Há jogos que, de vez em quando, conseguem surpreender-nos não pela sua ambição técnica ou narrativa, mas simplesmente pela ideia de base. Saborus é um desses casos raros. Um jogo de terror onde controlamos uma galinha a tentar escapar de um matadouro industrial, perseguida por funcionários cujo único objectivo é transformar-nos em nuggets, não é exactamente algo que se veja todos os dias. A premissa é absurda, quase caricatural, mas também carrega um subtexto desconfortável que encaixa curiosamente bem no género de horror.

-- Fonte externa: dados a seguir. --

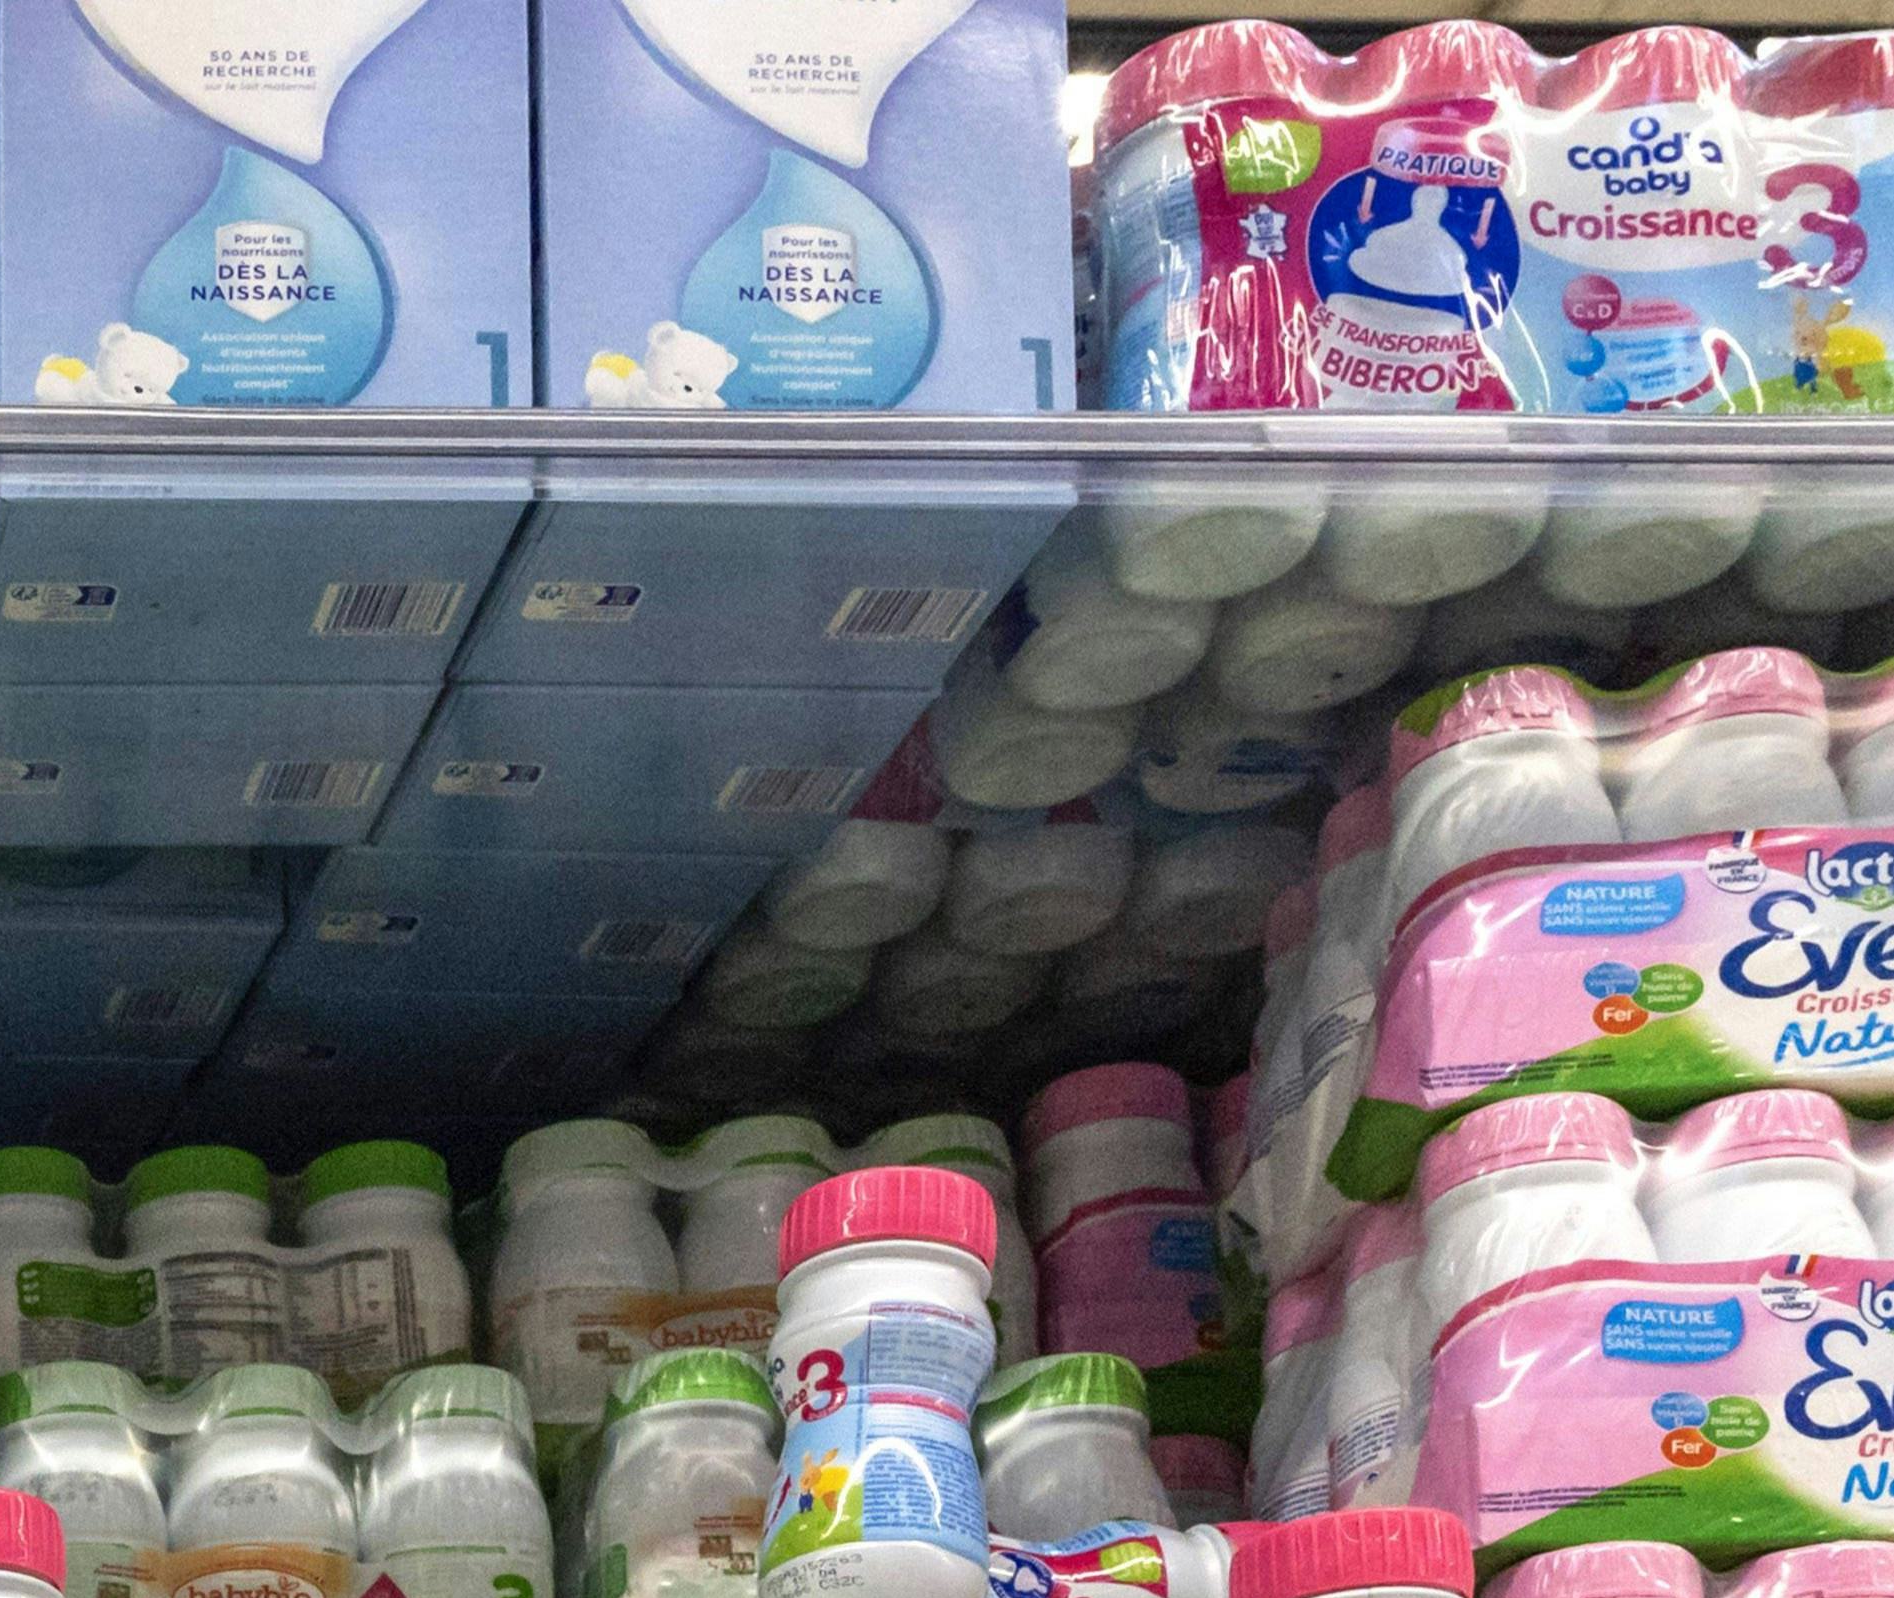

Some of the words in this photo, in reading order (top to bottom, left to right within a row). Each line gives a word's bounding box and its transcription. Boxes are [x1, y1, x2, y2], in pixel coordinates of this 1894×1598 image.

O nome Saborus não é aleatório: trata-se do nome da unidade de processamento onde decorre toda a acção. Uma fábrica fria, impessoal, comandada por uma corporação claramente maligna, saída directamente de um desenho animado com críticas sociais pouco subtis. Tudo aqui aponta para uma sátira exagerada do sistema industrial, mas o jogo nunca assume totalmente esse lado e acaba por oscilar entre o humor negro e o terror mais convencional. A ideia de jogar como uma galinha indefesa num ambiente hostil é, por si só, suficiente para despertar curiosidade. Infelizmente, como tantas vezes acontece, uma boa ideia não garante um bom jogo. Saborus tem momentos interessantes e algumas boas intenções, mas tropeça repetidamente na sua execução, tornando-se uma experiência mais frustrante do que memorável.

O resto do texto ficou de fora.